Block until state[key] is not None, and then return a copy of the state.

Parameters:
  • key – Some key in the state dict.
  • value – The value corresponding to the key in state dict.
  • live

    Whether to get live updates.

    Please read Live-ness of events for a detailed explanation.

  • timeout

    Sets the timeout in seconds.

    If the value is None, it will block until an update is available.

    For all other values (>=0), it will wait for a state-change, for that amount of time before returning with a TimeoutError.

  • duplicate_okay

    Whether it’s okay to process duplicate updates.

    Please read Duplicate-ness of events for a detailed explanation.

Returns:A dict containing a copy of the state.

This copy serves as a snapshot of the state, corresponding to the state-change for which this state watcher was triggered.

get_when_available(key: collections.abc.Hashable, *, live: bool = False, timeout: Union[float, int, None] = None, duplicate_okay: bool = False)[source]

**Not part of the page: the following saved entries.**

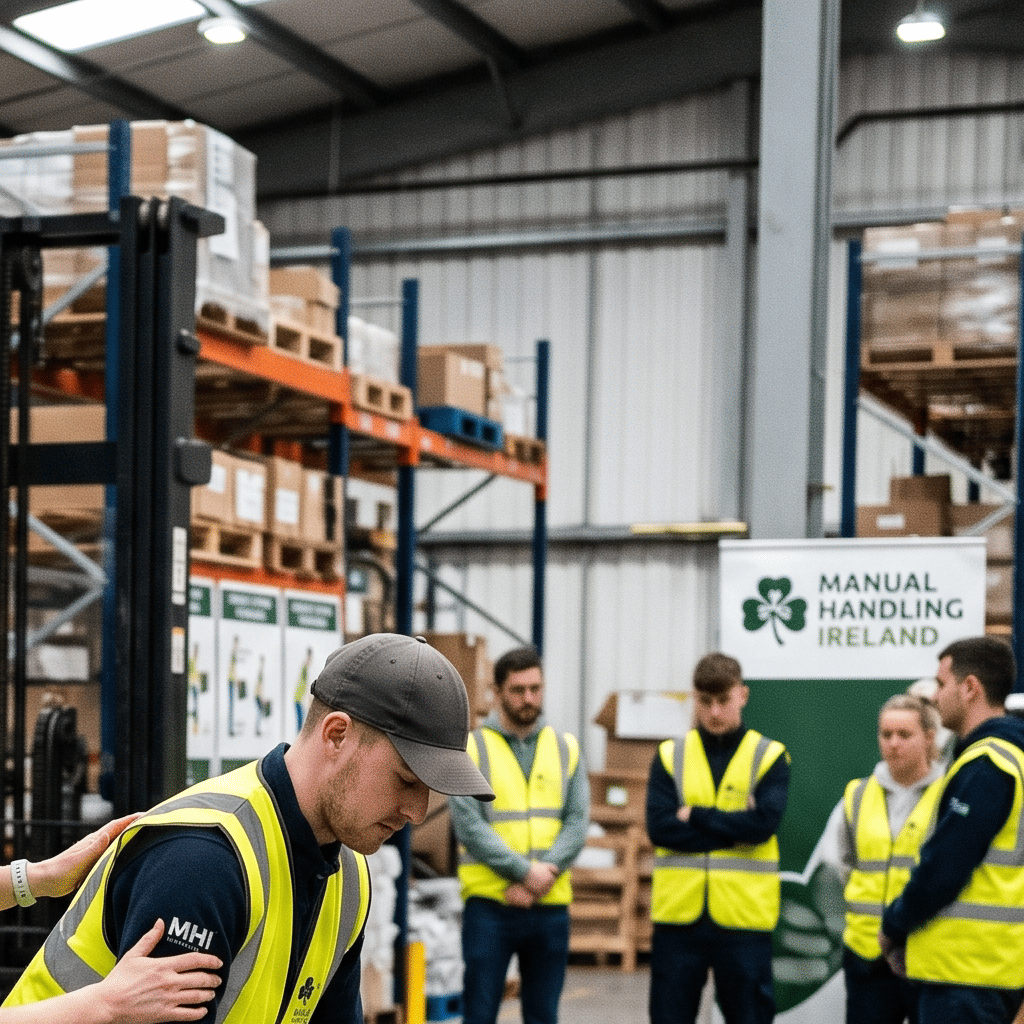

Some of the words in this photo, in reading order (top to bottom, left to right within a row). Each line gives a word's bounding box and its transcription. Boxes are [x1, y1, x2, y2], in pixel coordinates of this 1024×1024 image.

[818, 572, 937, 593] MANUAL
[818, 598, 964, 620] HANDLING
[818, 626, 940, 647] IRELAND
[167, 916, 214, 950] MHI
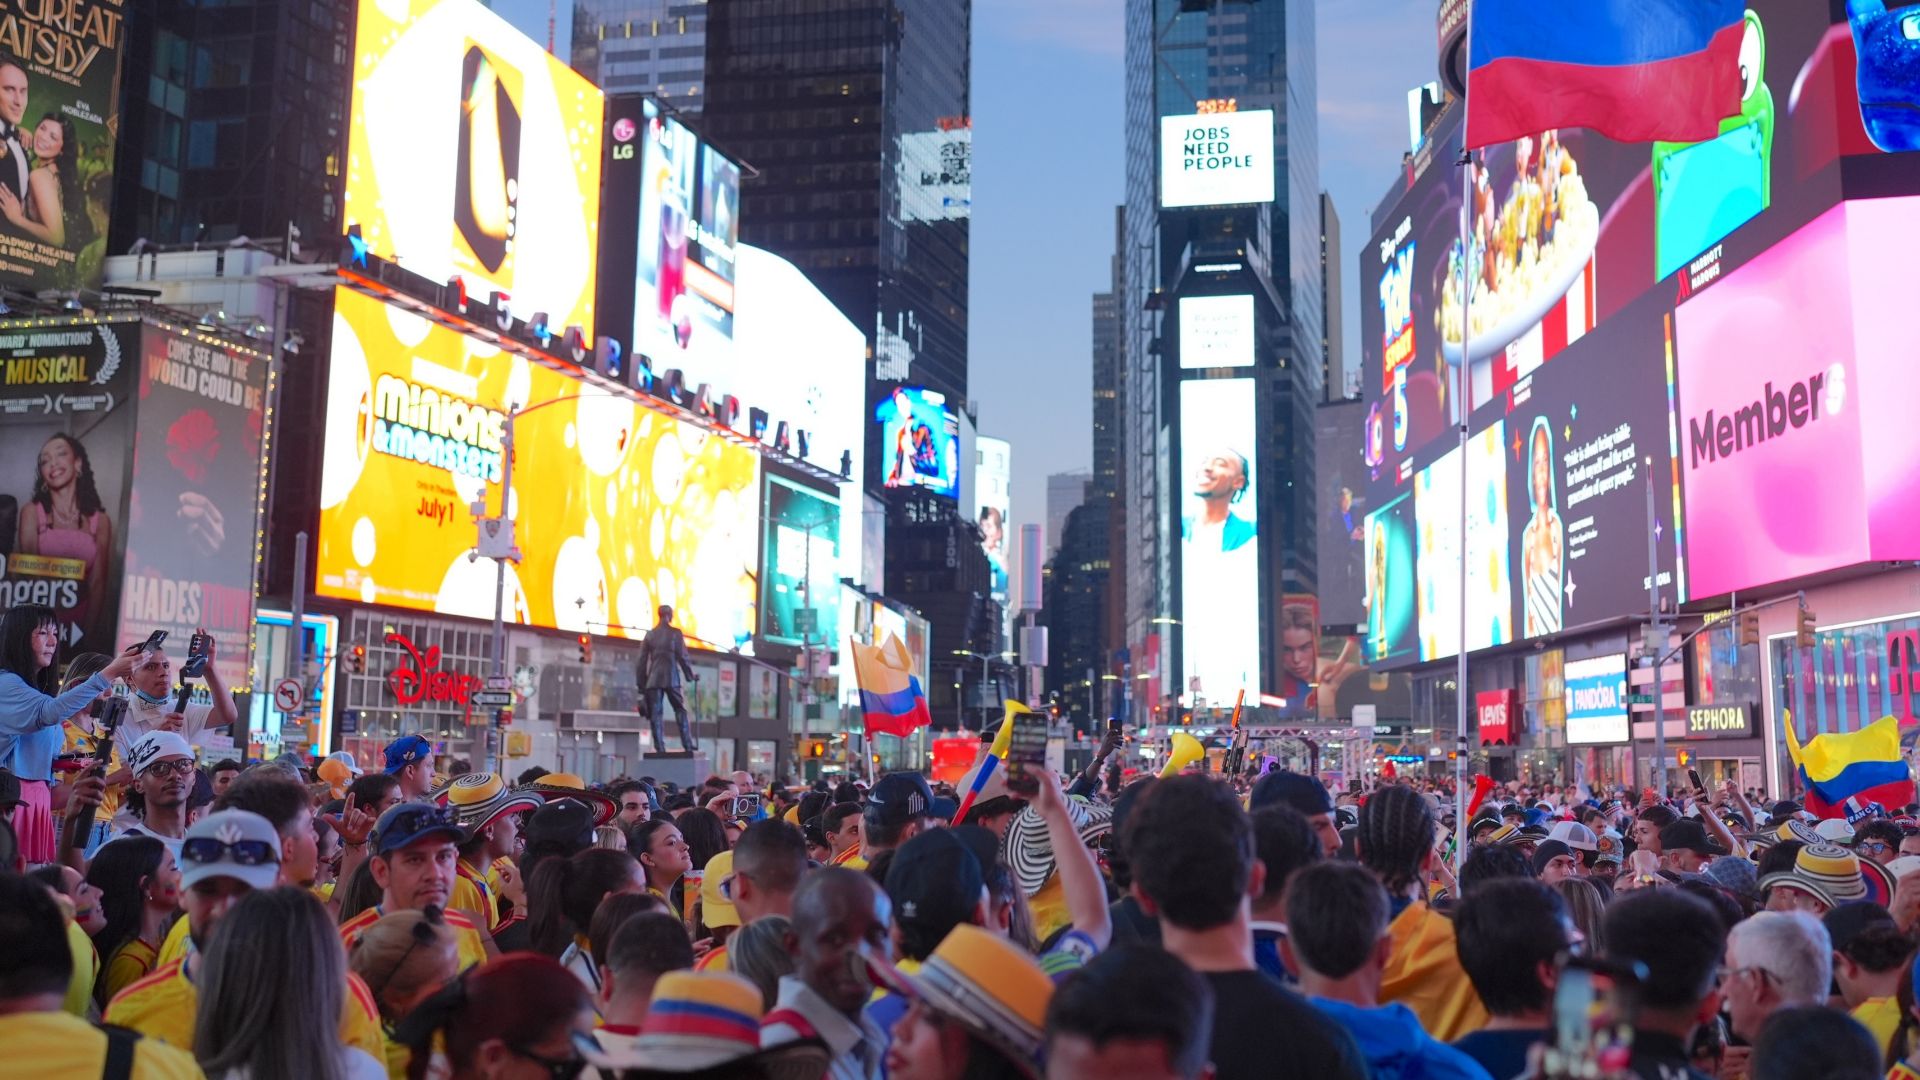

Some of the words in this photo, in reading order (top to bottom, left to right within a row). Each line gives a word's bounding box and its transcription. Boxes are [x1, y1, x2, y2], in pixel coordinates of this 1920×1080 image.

[17, 0, 122, 49] GREAT
[0, 14, 100, 77] ATSBY
[61, 104, 102, 125] NOBLEZADA
[75, 100, 90, 111] EVA
[1184, 127, 1230, 141] JOBS
[1184, 142, 1229, 155] NEED
[613, 145, 633, 159] LG
[1184, 155, 1253, 170] PEOPLE
[1691, 244, 1722, 275] MARRIOTT
[1692, 262, 1719, 290] MARQUIS
[29, 332, 93, 347] NOMINATIONS
[5, 355, 89, 385] MUSICAL
[167, 338, 193, 364] COME
[193, 345, 211, 370] SEE
[232, 357, 250, 381] THE
[448, 275, 587, 363] 1540
[595, 336, 812, 458] BROADWAY
[148, 354, 198, 392] WORLD
[199, 370, 244, 406] COULD
[244, 385, 262, 411] BE
[417, 497, 447, 528] July
[448, 501, 454, 523] 1
[125, 574, 251, 633] HADESTOWN
[1690, 706, 1745, 731] SEPHORA

Block until key in state, and then return a copy of the state.

Parameters:
  • key – Some key in the state dict.
  • value – The value corresponding to the key in state dict.
  • live

    Whether to get live updates.

    Please read Live-ness of events for a detailed explanation.

  • timeout

    Sets the timeout in seconds.

    If the value is None, it will block until an update is available.

    For all other values (>=0), it will wait for a state-change, for that amount of time before returning with a TimeoutError.

  • duplicate_okay

    Whether it’s okay to process duplicate updates.

    Please read Duplicate-ness of events for a detailed explanation.

Returns:A dict containing a copy of the state.

This copy serves as a snapshot of the state, corresponding to the state-change for which this state watcher was triggered.

ping(**kwargs)[source]

Ping the zproc server corresponding to this State’s Context

Parameters:kwargs – Keyword arguments that ping() takes, except server_address.
Returns:Same as ping()
close()[source]

Close this State and disconnect with the Server.